Reputation: 23
We are trying to write UDFs of Hive in Python to clean the data. The UDF we tried was using Pandas and it is throwing the error.
When we try using another python code without the Pandas it is working fine. Kindly help to understand the problem. Providing Pandas code below:
We have already tried various ways of Pandas but unfortunately no luck. As the other Python code without Pandas is working fine,we are confused why is it failing?
import sys
import pandas as pd
import numpy as np
for line in sys.stdin:
df = line.split('\t')
df1 = pd.DataFrame(df)
df2=df1.T
df2[0] = np.where(df2[0].str.isalpha(), df2[0], np.nan)
df2[1] = np.where(df2[1].astype(str).str.isdigit(), df2[1], np.nan)
df2[2] = np.where(df2[2].astype(str).str.len() != 10, np.nan,
df2[2].astype(str))
#df2[3] = np.where(df2[3].astype(str).str.isdigit(), df2[3], np.nan)
df2 = df2.dropna()
print(df2)
I get this error:
FAILED: Execution Error, return code 20003 from org.apache.hadoop.hive.ql.exec.mr.MapRedTask.
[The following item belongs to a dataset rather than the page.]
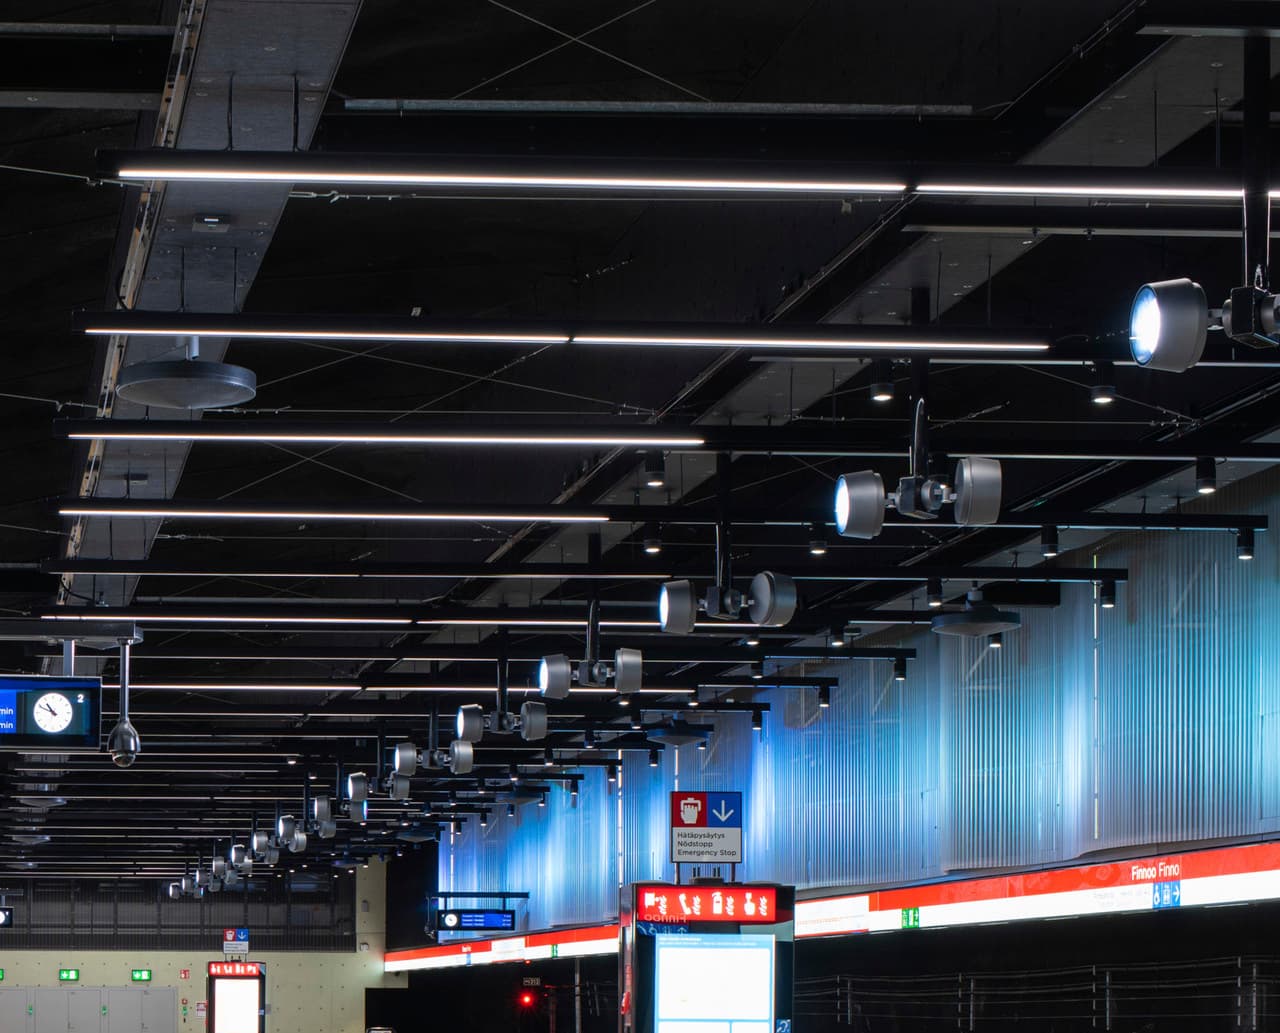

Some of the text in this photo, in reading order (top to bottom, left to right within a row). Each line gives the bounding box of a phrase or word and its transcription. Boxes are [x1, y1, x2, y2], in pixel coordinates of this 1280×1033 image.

An error occurred when trying to close the Operator running your custom script.
MapReduce Jobs Launched:
Stage-Stage-1: Map: 1 HDFS Read: 0 HDFS Write: 0 FAIL
Total MapReduce CPU Time Spent: 0 msec
Upvotes: 0
Views: 224
Reputation: 1126
I think you'll need to look at the detailed job logs for more information. My first guess is that Pandas is not installed on a data node.
This answer looks appropriate for you if you intend to bundle dependencies with your job: https://stackoverflow.com/a/2869974/7379644
Upvotes: 0